The New York Times and Washington Postlead with the Supreme Court agreeing to review the Texas redistricting pushed by Rep. Tom DeLay that resulted in Democrats losing a handful of congressional seats. USA Todayleads with President Bush's comment that "30,000, more or less" Iraqis have been killed in the war. Aides later explained that the estimate—given during a Q&A where, atypically, participants weren't screened—was a WAG and simply based on media reports. (This TPer once wrote an op-ed arguing that the U.S.'s apparent failure to count civilian casualties was harming the counterinsurgency effort.) The Los Angeles Times leads, WP fronts, and NYT reefers Gov. Schwarzenegger denying Tookie Williams' plea for clemency. He was executed today shortly after midnight.
The DeLay-inspired remapping was a "highly unusual mid-decade" effort and came only two years after the usually once-a-decade census-driven redrawing. After the GOP-led redistricting, Texas' congressional delegation went from 17 Republicans and 15 Democrats to 21 Republicans and 11 Democrats.
Justice Department staff lawyers had concluded that the redistricting-cum-gerrymandering violated the Voting Rights Act since it diluted the voting power of minorities. But the lawyers were overruled by political appointees. The Post, which broke that story, plays it right at the top. The LAT relegates it to the bottom third of its story, and the NYT sticks it away in the last paragraph.

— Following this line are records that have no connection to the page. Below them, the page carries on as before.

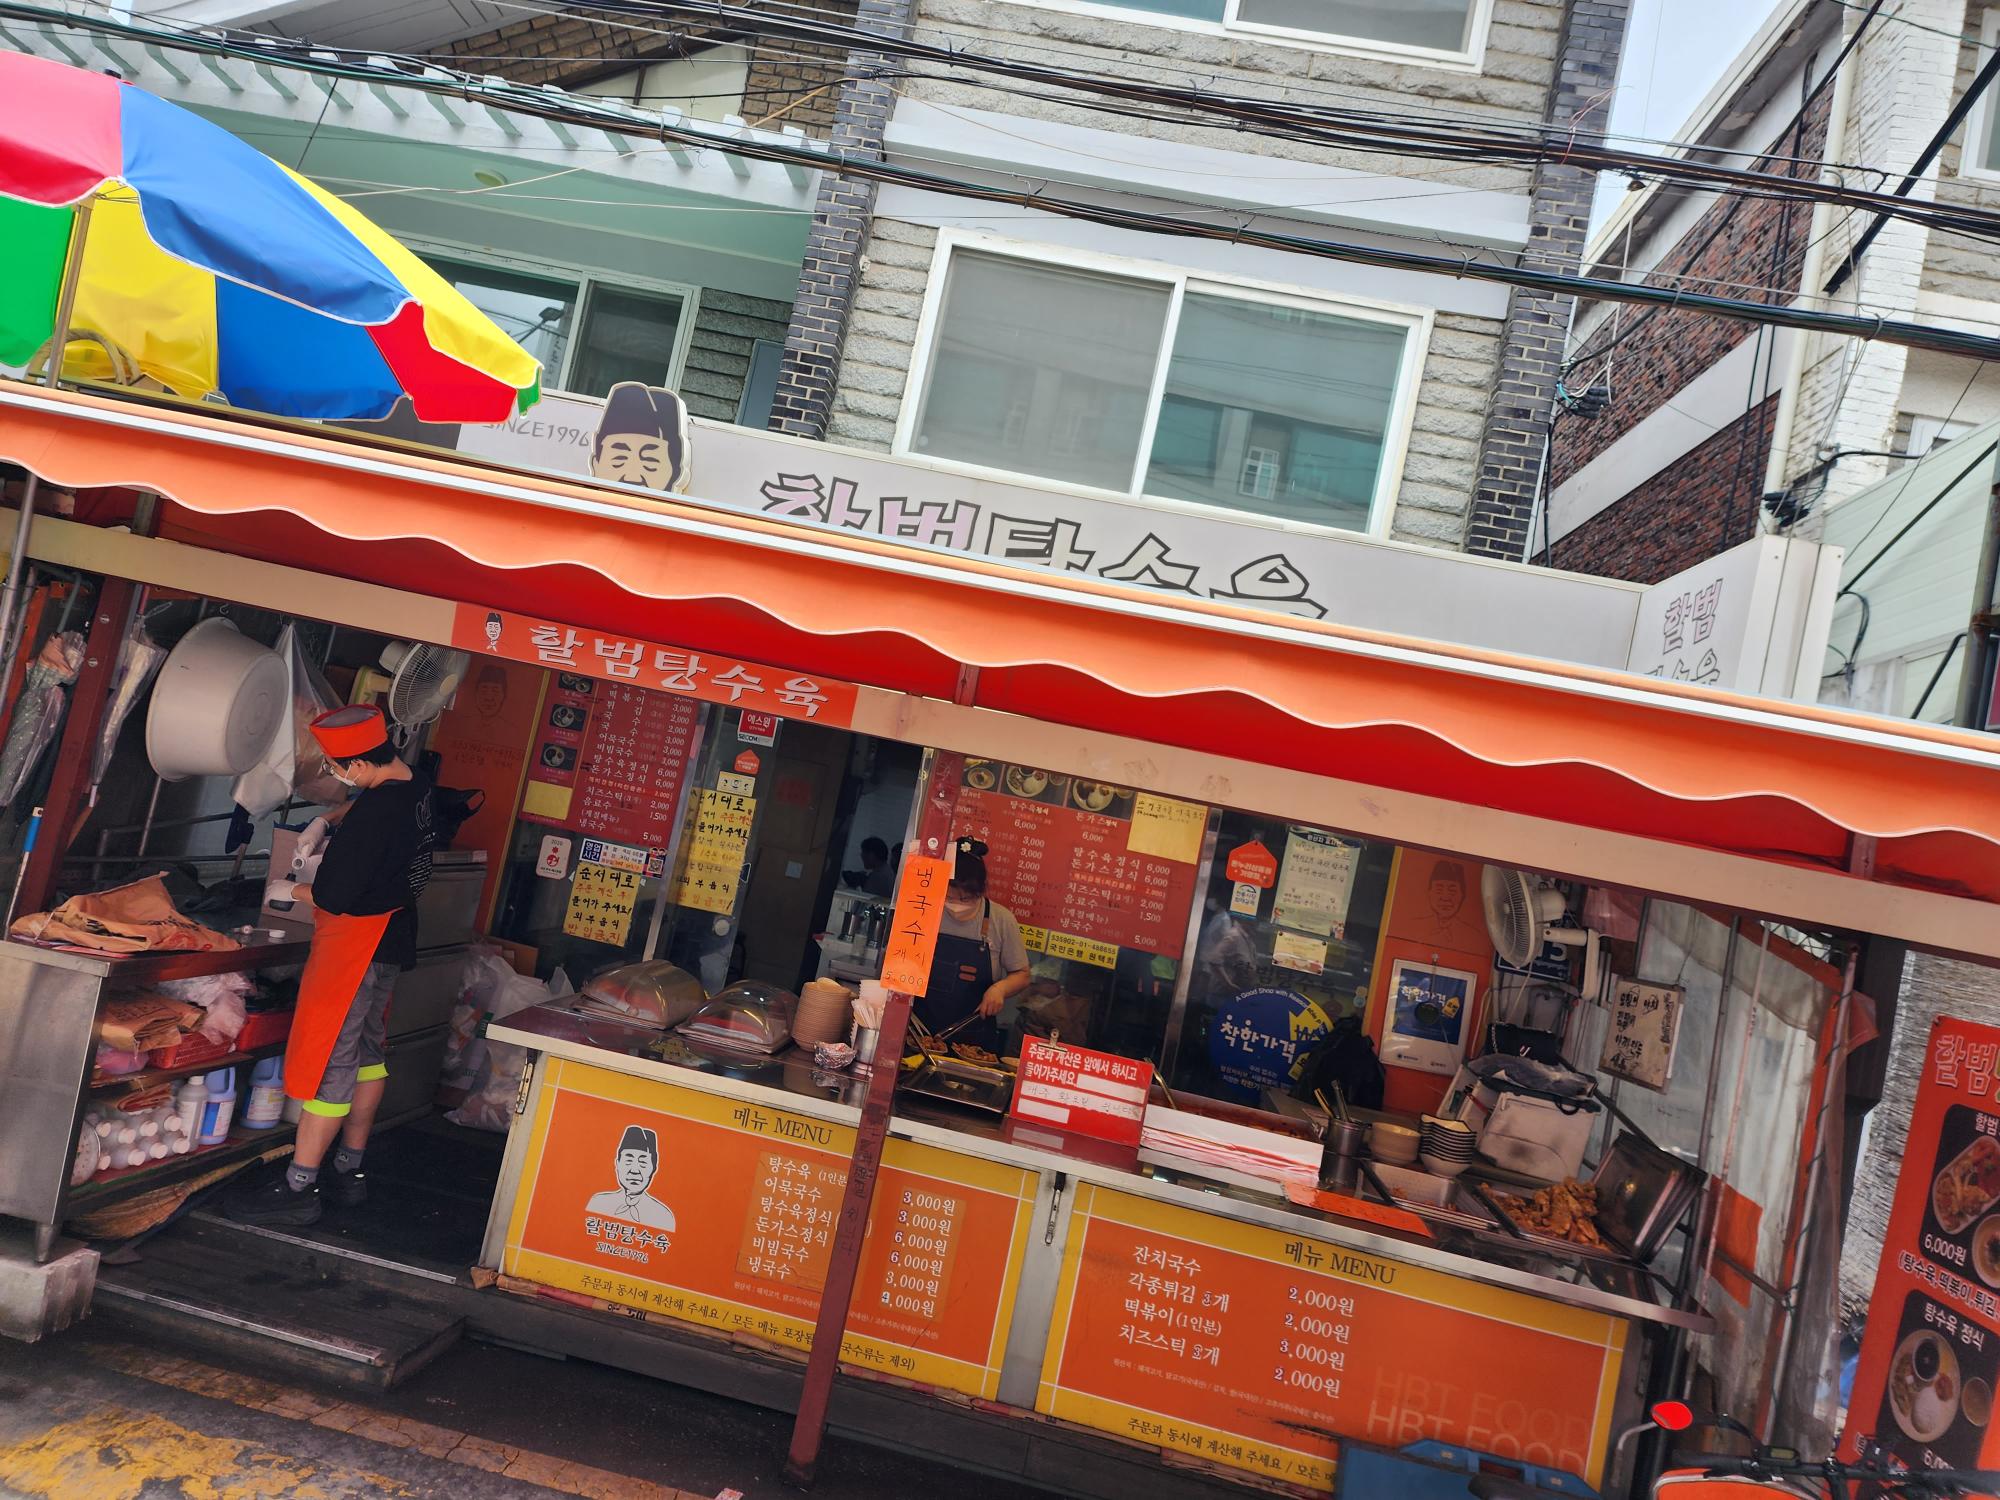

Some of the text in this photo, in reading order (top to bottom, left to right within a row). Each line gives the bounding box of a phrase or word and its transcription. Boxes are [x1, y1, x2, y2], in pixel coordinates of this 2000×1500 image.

[1662, 577, 1724, 655] 할범
[530, 625, 829, 718] 할범탕수육
[746, 712, 772, 729] 에스원
[585, 841, 602, 853] 영업
[1014, 819, 1037, 832] 6,000
[1082, 830, 1105, 843] 6,000
[1023, 836, 1046, 848] 3,000
[582, 850, 601, 862] 시간
[1020, 847, 1043, 860] 3,000
[1146, 863, 1170, 876] 6,000
[579, 867, 635, 889] 순서대로
[1144, 875, 1168, 888] 6,000
[900, 866, 933, 946] 냉국수
[1140, 898, 1164, 911] 2,000
[1059, 915, 1094, 931] 냉국수
[1220, 1013, 1297, 1065] 착한가격
[1027, 1042, 1054, 1062] 주문과
[1084, 1056, 1110, 1076] 앞에서
[1111, 1062, 1138, 1081] 하시고
[733, 1107, 833, 1145] 메뉴 MENU
[769, 1157, 812, 1181] 탕수육
[764, 1176, 822, 1203] 어묵국수
[585, 1215, 673, 1254] 할범탕수육
[755, 1215, 828, 1248] 돈가스정식
[752, 1236, 810, 1264] 비빔국수
[1131, 1245, 1202, 1277] 잔치국수
[1284, 1240, 1397, 1284] 메뉴 MENU
[1923, 1232, 1968, 1268] 6,000원
[747, 1255, 791, 1281] 냉국수
[1127, 1271, 1196, 1304] 각종튀김
[580, 1274, 614, 1293] 주문과
[615, 1283, 649, 1302] 동시에
[652, 1292, 685, 1311] 계산해
[687, 1302, 720, 1320] 주세요
[731, 1314, 754, 1330] 모든
[757, 1321, 780, 1336] 메뉴
[890, 1353, 917, 1373] 제외)
[1924, 1301, 1985, 1352] 탕수육 정식
[1118, 1323, 1186, 1358] 치즈스틱
[1127, 1417, 1164, 1438] 주문과
[1166, 1427, 1203, 1449] 동시에
[1206, 1439, 1243, 1461] 계산해
[1246, 1450, 1282, 1471] 주세요
[1295, 1463, 1320, 1482] 모든

A co-founder of the Crips gang, Williams was convicted of four 1979 murders. After being on death row for about a decade, Williams began a high-profile campaign against gang violence. But he never admitted to the killings, always insisting he was innocent. His lawyers argued that Williams deserved clemency because of his anti-gang advocacy and because of what they asserted were questions about his guilt. Schwarzenegger didn't buy either contention. "Without an apology and atonement for these senseless and brutal killings there can be no redemption," wrote the governor, who added that Williams' case had been reviewed by eight courts.
Williams is the 12th man executed by California since the death penalty was reinstated there in 1978.The LAT gives his execution two Page One stories, a Page One photo, a five-column headline, and bonus scene-coverage inside.

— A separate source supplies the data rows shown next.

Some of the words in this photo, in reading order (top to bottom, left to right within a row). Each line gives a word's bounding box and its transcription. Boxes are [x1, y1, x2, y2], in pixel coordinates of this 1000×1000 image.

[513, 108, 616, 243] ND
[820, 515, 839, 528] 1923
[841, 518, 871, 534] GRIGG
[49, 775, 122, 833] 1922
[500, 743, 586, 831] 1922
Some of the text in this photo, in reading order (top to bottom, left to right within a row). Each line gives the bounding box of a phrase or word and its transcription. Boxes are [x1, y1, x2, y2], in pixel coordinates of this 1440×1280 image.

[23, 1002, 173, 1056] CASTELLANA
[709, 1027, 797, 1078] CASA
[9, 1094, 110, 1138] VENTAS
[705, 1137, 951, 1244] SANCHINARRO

What exactly makes Williams worthy of the copious coverage? His guilt does not seem to have been in significant question. Nor, so far as TP knows, were there doubts about his mental competence or the competence of his lawyers. As for his anti-gang crusade, the LAT mentions that Williams refused to "formally cut ties with the Crips [and] share his knowledge of gang tactics with police." So, what exactly separated Williams, besides his celebrity status?

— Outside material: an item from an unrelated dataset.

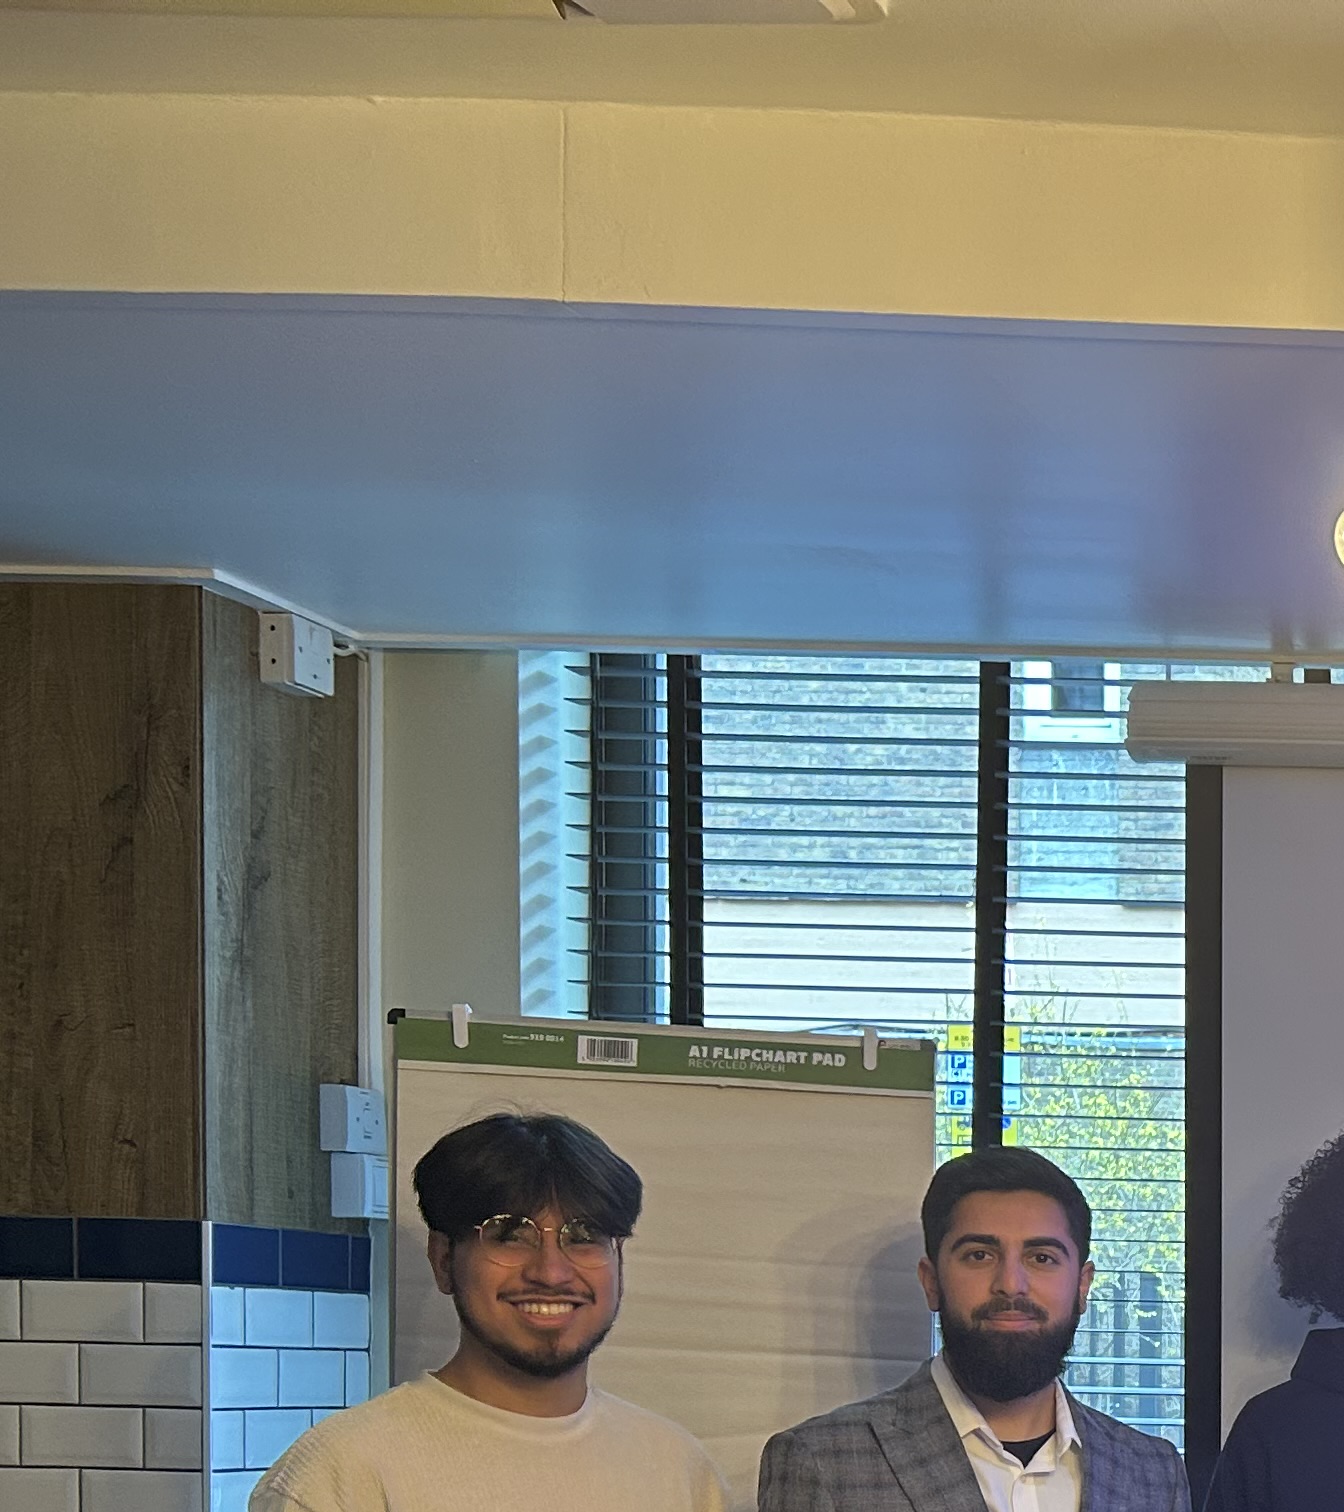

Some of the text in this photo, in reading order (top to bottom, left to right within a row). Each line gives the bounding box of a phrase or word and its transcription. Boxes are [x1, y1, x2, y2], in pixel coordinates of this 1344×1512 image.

TP isn't arguing that Williams' execution wasn't deserving of plenty of coverage. He's wondering how much the 11th man should have gotten.
An LAT editorial has thoughts along similar lines, "IT'S NOT ABOUT TOOKIE":
The population of California's death row now stands at 647, with the next execution, of Clarence Ray Allen, scheduled for Jan. 17. Allen, who is 75 years old, blind and confined to a wheelchair, is unlikely to attract the kind of attention that accompanied the debate about Williams. If the governor feels compelled to issue a treatise explaining his decision in that case, he should take the opportunity to address the larger injustice of capital punishment.
The NYT, LAT, and WP all front yet another assassination in Lebanon of an anti-Syrian activist. Gebran Tueni, a journalist and politician, knew he was a target and left the country months ago. He returned from Paris last week. Yesterday, his armored car was destroyed by a bomb. Meanwhile, U.N. investigators released their latest report on the assassination of former Lebanese Prime Minister Rafik Hariri; it points a finger at Syria, saying there's "probable cause" that top Syrian and Lebanese officials were involved.
USA Today teases a poll on Page One showing President Bush's approval rating rebounding to 42 percent, up five points from a month ago. (The NYT found a similar uptick a last week.)
The Wall Street Journal notices that "many" articles in scientific journals carry the byline of top-flight academics but "are actually written by ghostwriters in the pay of drug companies." Not that there's anything wrong with that, insists one drug company exec. Authors "have to sign off on everything," he pointed out, adding, "This is properly viewed as a way to more efficiently make the transition from raw data to finished manuscript."